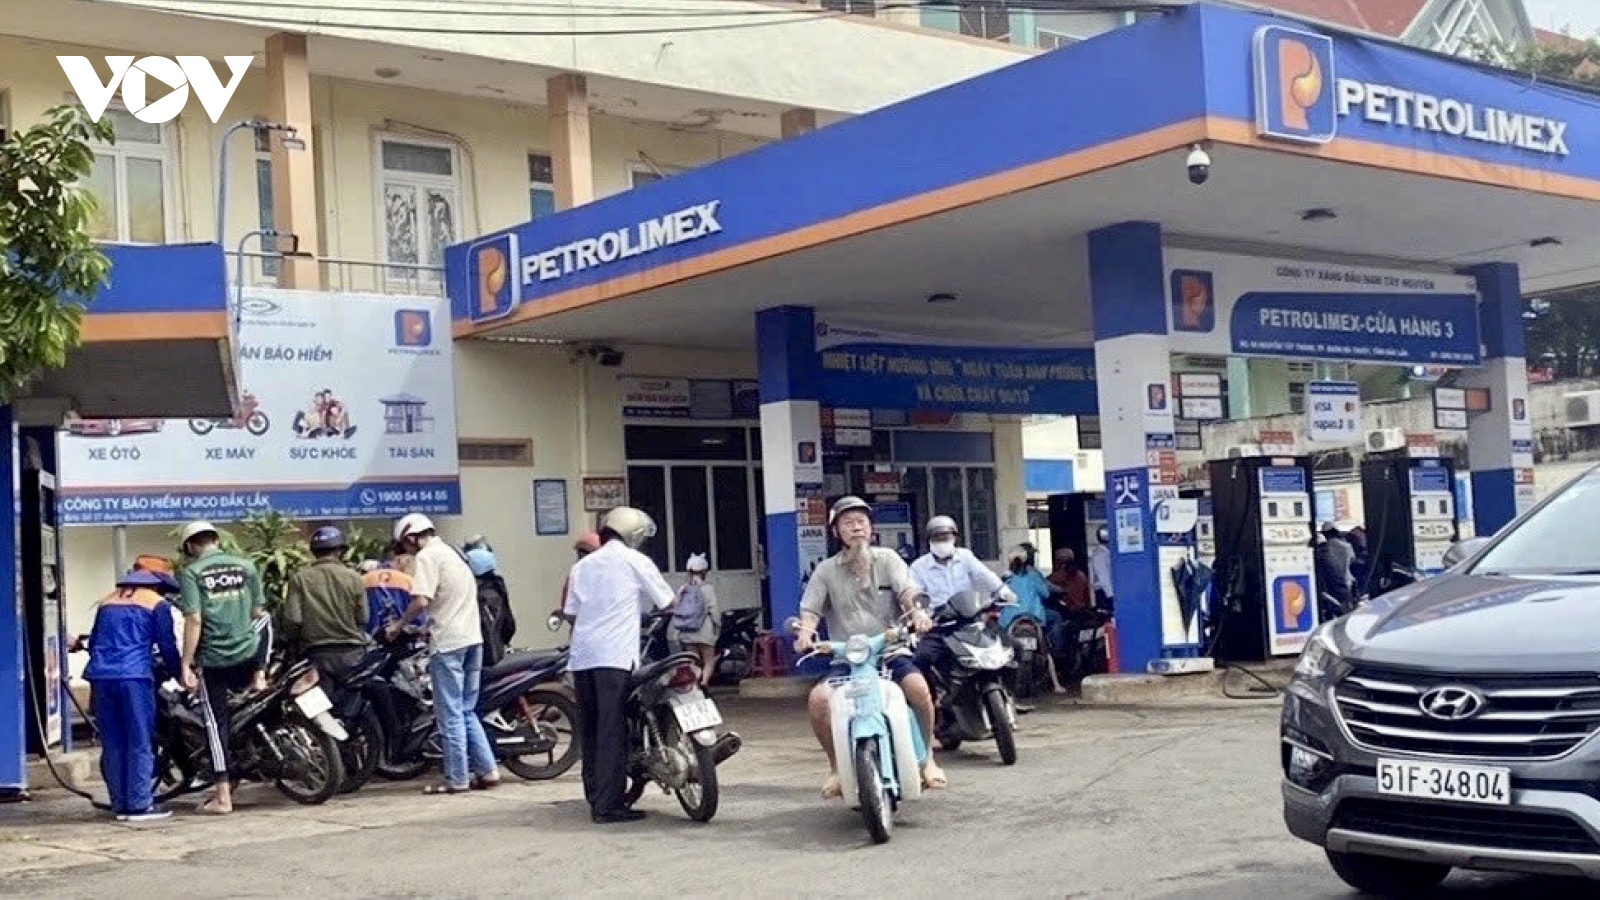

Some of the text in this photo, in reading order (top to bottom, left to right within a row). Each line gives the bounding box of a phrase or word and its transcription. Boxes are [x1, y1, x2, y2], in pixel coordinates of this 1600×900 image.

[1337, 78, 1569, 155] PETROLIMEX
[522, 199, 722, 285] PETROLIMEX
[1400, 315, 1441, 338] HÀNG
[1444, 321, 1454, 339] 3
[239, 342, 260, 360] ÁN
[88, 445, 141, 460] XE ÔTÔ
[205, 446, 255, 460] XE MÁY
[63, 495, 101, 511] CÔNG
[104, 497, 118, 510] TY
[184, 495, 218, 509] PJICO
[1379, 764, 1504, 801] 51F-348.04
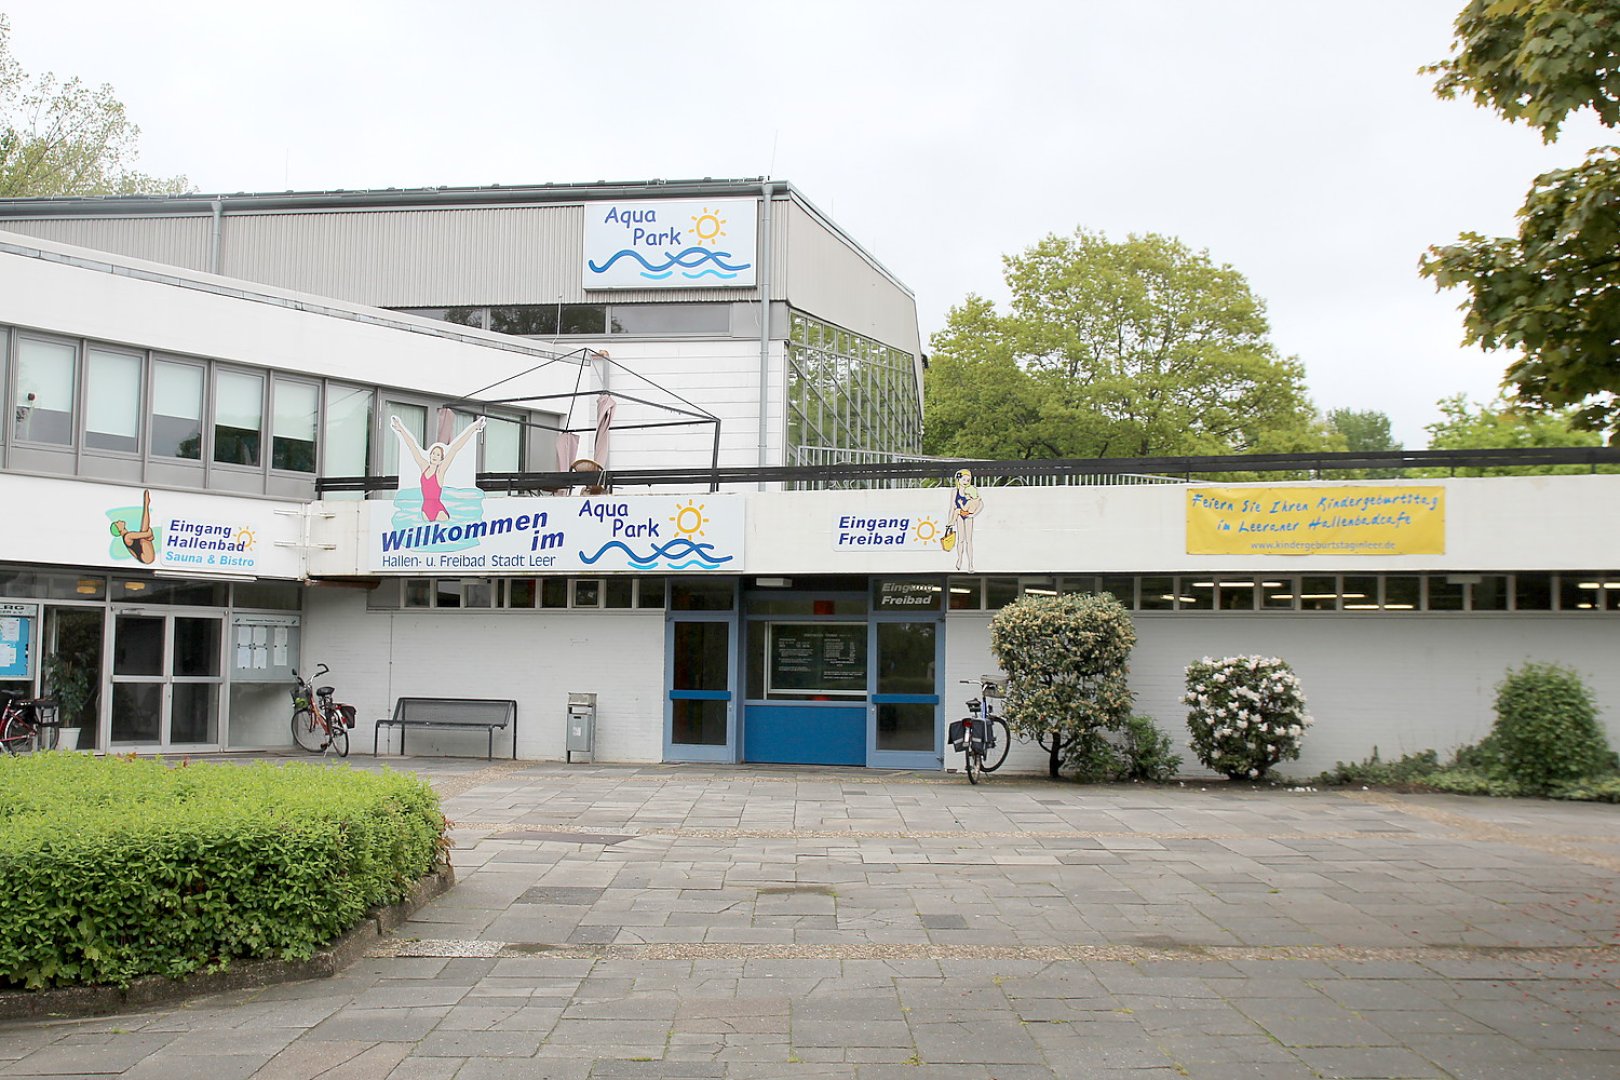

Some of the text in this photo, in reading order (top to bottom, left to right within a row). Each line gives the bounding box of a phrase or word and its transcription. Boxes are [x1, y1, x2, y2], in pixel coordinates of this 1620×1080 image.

* * *

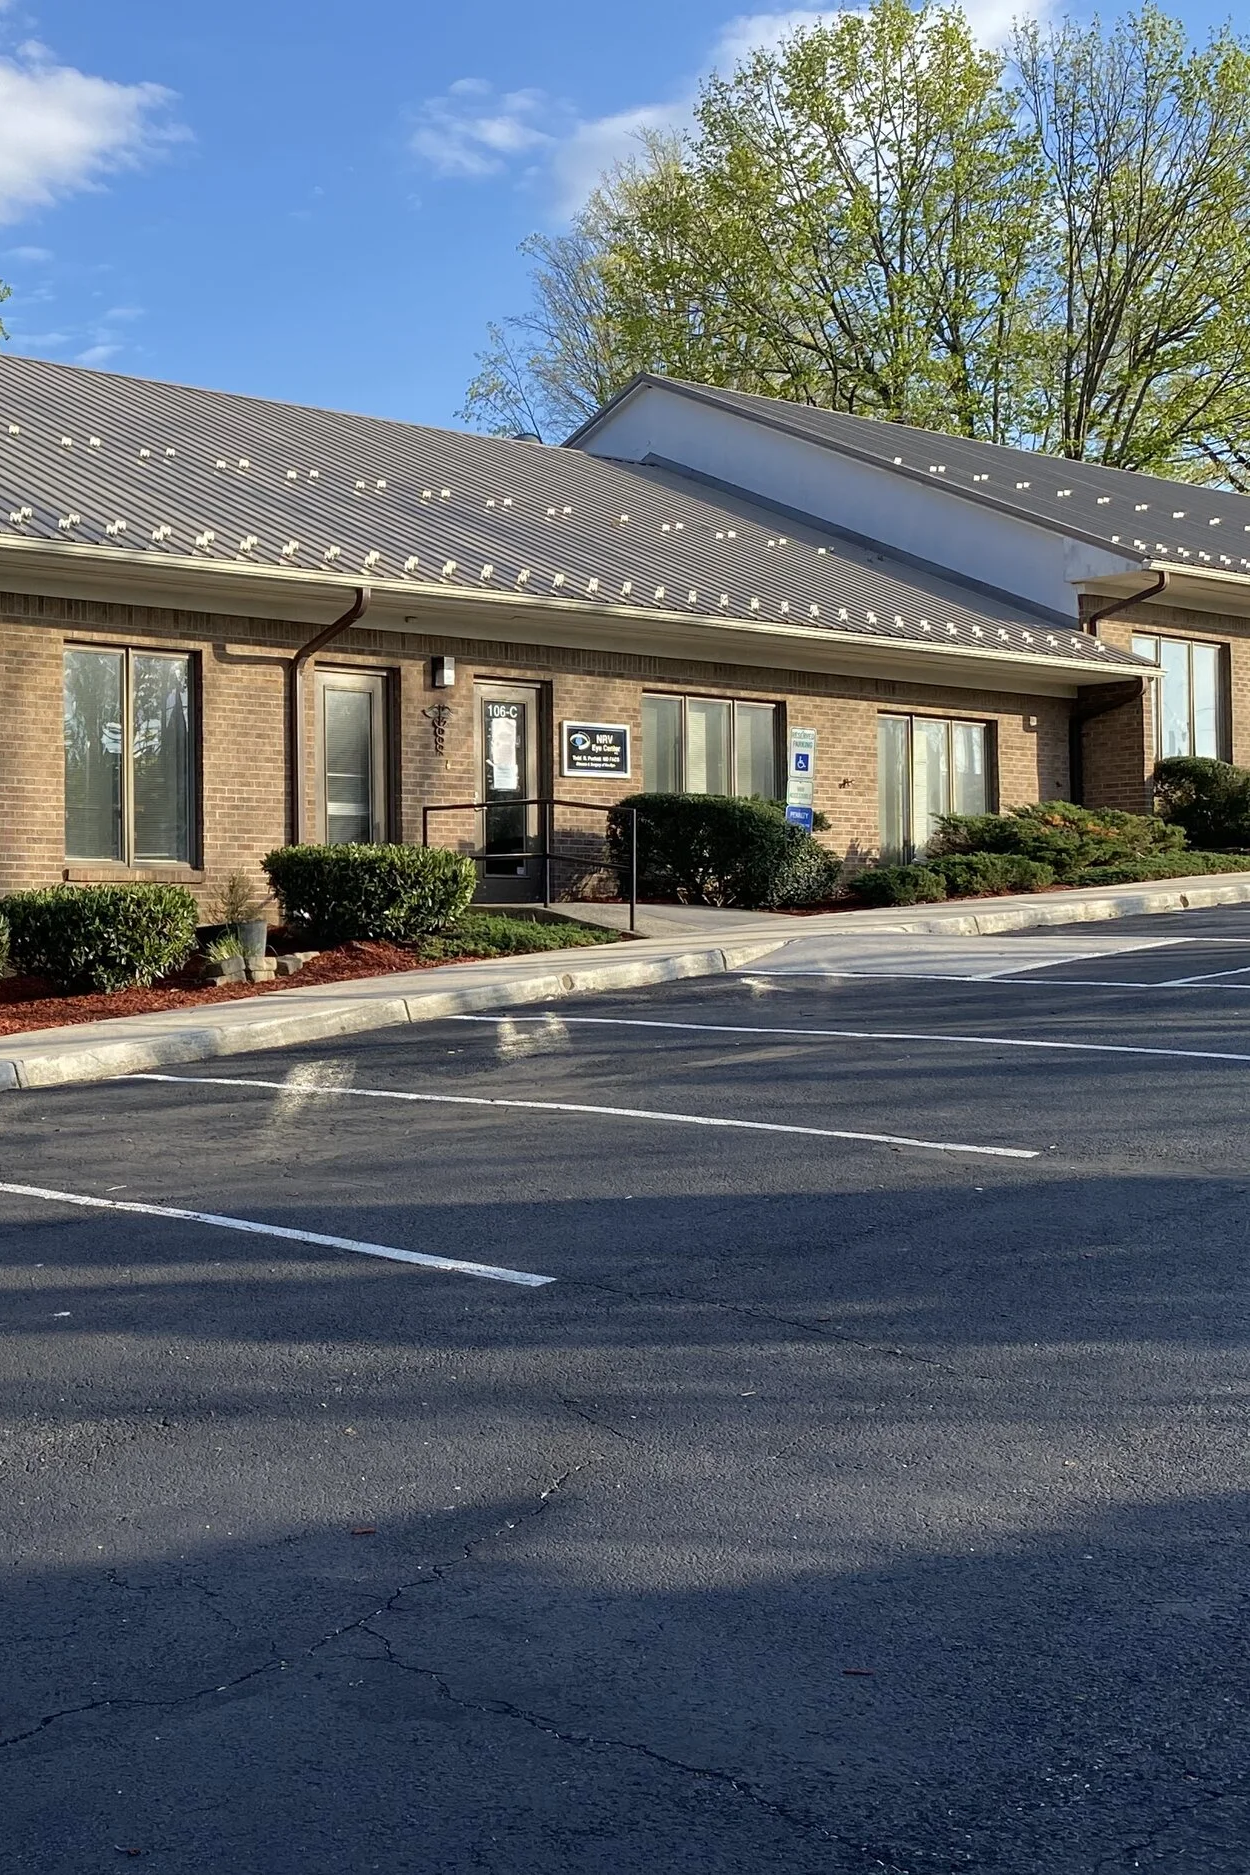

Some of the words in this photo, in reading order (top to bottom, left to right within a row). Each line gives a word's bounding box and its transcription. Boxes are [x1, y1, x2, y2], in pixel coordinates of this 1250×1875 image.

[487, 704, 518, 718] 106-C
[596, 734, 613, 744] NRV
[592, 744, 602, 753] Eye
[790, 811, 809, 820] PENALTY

* Problem to solve
Leaving all pictures out, output exactly the lines of the material above from the line with "this 1600×900 image." to the line with "this 1620×1080 image.", both included.

* Exercise solution
Some of the text in this photo, in reading order (top to bottom, left to right within a row). Each line gives the bounding box of a phrase or word and its transcription. Boxes are [x1, y1, x2, y2], in pixel coordinates of this 1600×900 image.

[1337, 78, 1569, 155] PETROLIMEX
[522, 199, 722, 285] PETROLIMEX
[1400, 315, 1441, 338] HÀNG
[1444, 321, 1454, 339] 3
[239, 342, 260, 360] ÁN
[88, 445, 141, 460] XE ÔTÔ
[205, 446, 255, 460] XE MÁY
[63, 495, 101, 511] CÔNG
[104, 497, 118, 510] TY
[184, 495, 218, 509] PJICO
[1379, 764, 1504, 801] 51F-348.04

Some of the text in this photo, in reading order (top to bottom, left to right within a row). Each line gives the bounding box of a phrase or word and its transcription. Boxes are [x1, y1, x2, y2], in pixel coordinates of this 1620×1080 image.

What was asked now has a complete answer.